The White House is hoping that public anger at the 16-day government shutdown has so badly damaged the GOP that House Republican leaders will consider immigration reform as a way to improve their popularity with moderate voters.
Obama’s aides also are intent on showing the president is willing to compromise, partly to counter GOP charges that he was inflexible during the bitter shutdown standoff.
In remarks at the White House, Obama hinted that he was no longer tied to the Senate bill, the elaborate product of months of intense bipartisan negotiations, to achieve what he has called a major priority for his second term.
Obama instead signaled that he might consider a package of smaller bills, if necessary, as long as they provide a path to citizenship for the estimated 11 million people in the country without legal status.
“If House Republicans have new and different additional ideas on how we should move forward, then we want to hear them. I’ll be listening,” Obama told several dozen pro-reform activists from labor, business and religious groups.
White House spokesman Jay Carney echoed the shift, telling reporters there are “a variety of ways that you can reach the ultimate goal” of a bill that Obama could sign into law.
“The House’s approach will be up to the House,” Carney said. “There is a comprehensive bill the House Democrats have put together that is similar to the Senate bill and reflects the president’s principles. But the means by which we arrive at our destination is in some ways of course up to the lawmakers who control the houses of Congress.”

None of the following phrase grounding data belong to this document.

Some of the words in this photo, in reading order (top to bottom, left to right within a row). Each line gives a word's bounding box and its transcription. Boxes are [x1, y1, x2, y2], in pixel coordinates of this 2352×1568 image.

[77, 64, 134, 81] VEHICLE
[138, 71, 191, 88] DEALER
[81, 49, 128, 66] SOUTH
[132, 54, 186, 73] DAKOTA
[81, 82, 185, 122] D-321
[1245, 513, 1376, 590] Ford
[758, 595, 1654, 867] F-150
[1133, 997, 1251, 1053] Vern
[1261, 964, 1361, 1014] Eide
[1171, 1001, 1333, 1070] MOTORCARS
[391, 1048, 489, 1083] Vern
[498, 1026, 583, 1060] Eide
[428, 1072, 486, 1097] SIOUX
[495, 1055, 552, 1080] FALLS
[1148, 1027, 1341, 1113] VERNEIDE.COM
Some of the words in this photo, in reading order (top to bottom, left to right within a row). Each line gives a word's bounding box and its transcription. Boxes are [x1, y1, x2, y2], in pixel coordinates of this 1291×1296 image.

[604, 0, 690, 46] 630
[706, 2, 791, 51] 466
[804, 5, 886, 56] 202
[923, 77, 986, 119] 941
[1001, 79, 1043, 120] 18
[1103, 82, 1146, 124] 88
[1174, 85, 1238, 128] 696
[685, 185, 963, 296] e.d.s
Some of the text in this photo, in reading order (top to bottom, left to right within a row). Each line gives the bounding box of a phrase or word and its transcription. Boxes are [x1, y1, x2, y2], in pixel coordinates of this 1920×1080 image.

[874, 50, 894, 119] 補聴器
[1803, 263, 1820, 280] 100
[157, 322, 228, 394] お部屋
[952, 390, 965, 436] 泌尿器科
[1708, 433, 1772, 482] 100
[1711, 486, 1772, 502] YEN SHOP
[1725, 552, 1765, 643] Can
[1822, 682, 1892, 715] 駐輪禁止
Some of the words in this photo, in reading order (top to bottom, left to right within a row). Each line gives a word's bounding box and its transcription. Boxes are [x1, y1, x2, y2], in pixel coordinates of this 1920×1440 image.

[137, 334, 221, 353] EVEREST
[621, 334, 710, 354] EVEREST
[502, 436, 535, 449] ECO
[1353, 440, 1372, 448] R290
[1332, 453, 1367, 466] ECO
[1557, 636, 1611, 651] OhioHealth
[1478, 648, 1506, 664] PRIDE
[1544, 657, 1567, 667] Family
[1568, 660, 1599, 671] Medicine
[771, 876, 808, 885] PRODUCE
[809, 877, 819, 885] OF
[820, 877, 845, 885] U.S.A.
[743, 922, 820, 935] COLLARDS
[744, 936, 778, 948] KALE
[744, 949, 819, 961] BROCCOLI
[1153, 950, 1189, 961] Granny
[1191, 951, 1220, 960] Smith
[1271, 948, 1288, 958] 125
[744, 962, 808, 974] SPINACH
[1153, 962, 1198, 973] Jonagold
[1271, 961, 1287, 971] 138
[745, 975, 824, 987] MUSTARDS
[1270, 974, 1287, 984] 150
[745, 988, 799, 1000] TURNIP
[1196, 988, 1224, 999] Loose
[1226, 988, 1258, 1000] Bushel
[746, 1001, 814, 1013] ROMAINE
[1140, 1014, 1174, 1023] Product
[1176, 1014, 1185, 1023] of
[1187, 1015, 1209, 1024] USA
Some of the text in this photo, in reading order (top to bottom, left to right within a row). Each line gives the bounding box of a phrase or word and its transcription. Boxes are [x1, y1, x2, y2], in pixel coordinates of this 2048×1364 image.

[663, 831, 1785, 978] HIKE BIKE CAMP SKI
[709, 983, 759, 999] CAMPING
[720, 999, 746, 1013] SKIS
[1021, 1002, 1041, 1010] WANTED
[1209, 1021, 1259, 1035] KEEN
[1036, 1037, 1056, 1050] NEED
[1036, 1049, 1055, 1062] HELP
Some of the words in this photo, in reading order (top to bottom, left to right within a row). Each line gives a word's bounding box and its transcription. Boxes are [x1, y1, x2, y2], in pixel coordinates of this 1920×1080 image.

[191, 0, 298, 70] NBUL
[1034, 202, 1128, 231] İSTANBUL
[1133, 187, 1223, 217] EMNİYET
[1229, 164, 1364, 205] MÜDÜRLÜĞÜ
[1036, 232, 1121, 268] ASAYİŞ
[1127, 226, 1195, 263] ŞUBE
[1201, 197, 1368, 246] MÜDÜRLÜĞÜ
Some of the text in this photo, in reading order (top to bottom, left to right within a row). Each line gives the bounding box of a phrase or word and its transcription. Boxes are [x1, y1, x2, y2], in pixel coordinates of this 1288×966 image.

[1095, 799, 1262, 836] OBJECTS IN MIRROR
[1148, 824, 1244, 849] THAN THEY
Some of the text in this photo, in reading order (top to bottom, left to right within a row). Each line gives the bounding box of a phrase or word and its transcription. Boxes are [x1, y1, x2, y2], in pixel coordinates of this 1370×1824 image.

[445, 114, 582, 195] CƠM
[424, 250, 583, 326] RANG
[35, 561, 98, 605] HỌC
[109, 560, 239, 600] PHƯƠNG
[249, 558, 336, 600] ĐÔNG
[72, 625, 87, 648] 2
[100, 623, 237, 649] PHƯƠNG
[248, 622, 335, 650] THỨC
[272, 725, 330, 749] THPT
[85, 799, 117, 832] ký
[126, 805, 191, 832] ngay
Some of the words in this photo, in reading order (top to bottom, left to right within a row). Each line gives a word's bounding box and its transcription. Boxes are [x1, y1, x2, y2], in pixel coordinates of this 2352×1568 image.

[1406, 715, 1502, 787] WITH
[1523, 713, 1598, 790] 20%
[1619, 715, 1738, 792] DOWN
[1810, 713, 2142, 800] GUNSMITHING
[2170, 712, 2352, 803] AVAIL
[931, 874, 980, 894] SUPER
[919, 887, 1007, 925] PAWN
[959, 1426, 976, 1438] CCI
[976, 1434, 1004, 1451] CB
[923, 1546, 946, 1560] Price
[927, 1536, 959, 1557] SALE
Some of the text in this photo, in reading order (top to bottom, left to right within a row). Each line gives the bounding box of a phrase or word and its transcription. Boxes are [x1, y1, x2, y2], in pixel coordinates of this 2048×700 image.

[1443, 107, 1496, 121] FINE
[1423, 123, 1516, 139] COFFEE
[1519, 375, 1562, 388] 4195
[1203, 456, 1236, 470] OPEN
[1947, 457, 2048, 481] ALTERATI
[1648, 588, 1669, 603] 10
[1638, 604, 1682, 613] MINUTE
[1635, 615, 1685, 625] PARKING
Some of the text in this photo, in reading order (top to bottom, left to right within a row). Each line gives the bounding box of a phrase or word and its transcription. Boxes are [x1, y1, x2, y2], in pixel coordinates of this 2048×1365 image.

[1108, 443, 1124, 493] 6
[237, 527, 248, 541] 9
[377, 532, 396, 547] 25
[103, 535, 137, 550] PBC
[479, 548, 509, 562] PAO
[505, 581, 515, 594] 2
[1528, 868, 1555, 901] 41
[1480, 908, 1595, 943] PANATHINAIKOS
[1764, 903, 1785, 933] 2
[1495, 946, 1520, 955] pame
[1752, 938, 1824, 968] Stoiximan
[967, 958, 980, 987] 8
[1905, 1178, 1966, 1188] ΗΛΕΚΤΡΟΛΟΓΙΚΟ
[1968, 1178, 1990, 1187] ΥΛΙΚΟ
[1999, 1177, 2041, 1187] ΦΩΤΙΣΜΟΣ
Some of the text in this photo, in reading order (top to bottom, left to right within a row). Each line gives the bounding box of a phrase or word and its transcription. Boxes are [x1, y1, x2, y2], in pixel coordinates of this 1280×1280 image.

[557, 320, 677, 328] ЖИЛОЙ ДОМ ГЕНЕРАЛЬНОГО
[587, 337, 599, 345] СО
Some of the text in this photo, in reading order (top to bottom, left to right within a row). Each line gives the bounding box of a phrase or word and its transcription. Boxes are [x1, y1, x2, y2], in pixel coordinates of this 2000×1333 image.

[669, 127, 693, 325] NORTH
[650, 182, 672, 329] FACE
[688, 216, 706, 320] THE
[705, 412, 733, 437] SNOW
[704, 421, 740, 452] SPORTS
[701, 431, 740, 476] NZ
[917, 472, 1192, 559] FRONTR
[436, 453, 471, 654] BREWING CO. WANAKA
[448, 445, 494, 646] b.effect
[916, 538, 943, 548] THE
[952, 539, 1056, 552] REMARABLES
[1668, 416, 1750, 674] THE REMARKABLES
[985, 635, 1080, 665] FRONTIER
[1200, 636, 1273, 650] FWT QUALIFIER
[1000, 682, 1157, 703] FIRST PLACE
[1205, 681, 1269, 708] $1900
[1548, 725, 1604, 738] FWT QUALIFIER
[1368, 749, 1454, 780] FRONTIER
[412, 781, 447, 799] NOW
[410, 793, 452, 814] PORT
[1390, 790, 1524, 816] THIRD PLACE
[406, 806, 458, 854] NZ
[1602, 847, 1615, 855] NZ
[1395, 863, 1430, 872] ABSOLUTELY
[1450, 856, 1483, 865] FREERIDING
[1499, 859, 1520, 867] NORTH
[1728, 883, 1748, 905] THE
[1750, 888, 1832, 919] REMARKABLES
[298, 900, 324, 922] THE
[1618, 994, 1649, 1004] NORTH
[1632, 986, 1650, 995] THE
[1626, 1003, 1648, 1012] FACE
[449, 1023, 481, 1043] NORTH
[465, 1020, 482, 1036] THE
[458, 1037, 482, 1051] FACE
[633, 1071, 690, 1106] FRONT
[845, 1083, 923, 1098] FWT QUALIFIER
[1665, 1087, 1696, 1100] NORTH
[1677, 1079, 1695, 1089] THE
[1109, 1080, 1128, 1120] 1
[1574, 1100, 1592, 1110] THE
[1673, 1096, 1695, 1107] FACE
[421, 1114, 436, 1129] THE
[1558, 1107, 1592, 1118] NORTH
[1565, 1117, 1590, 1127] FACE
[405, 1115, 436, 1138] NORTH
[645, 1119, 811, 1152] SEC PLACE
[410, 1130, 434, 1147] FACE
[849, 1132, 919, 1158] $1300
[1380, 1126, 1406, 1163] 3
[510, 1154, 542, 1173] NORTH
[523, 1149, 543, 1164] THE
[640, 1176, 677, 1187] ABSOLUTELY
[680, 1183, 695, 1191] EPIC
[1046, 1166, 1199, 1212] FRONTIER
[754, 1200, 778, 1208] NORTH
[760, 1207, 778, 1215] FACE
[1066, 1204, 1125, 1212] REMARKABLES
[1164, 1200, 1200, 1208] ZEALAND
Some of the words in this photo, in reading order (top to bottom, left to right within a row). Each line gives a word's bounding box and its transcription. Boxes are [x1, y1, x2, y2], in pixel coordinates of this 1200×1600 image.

The White House effort to resuscitate a bill that seemed all but dead in the House before the shutdown still faces steep and perhaps insurmountable odds. But the jockeying Thursday raised at least some hope that compromise remains possible.
In recent weeks, GOP leaders have worked behind the scenes to craft legislative proposals that might pass muster with rank-and-file Republicans and — if joined with a legalization program — could appeal to the White House.
Majority Leader Eric Cantor and other House Republicans have met in small groups to write bills that would change parts of the immigration system. GOP proposals include adding high-tech visas, revamping farm and low-skilled immigrant labor programs, and ramping up border security.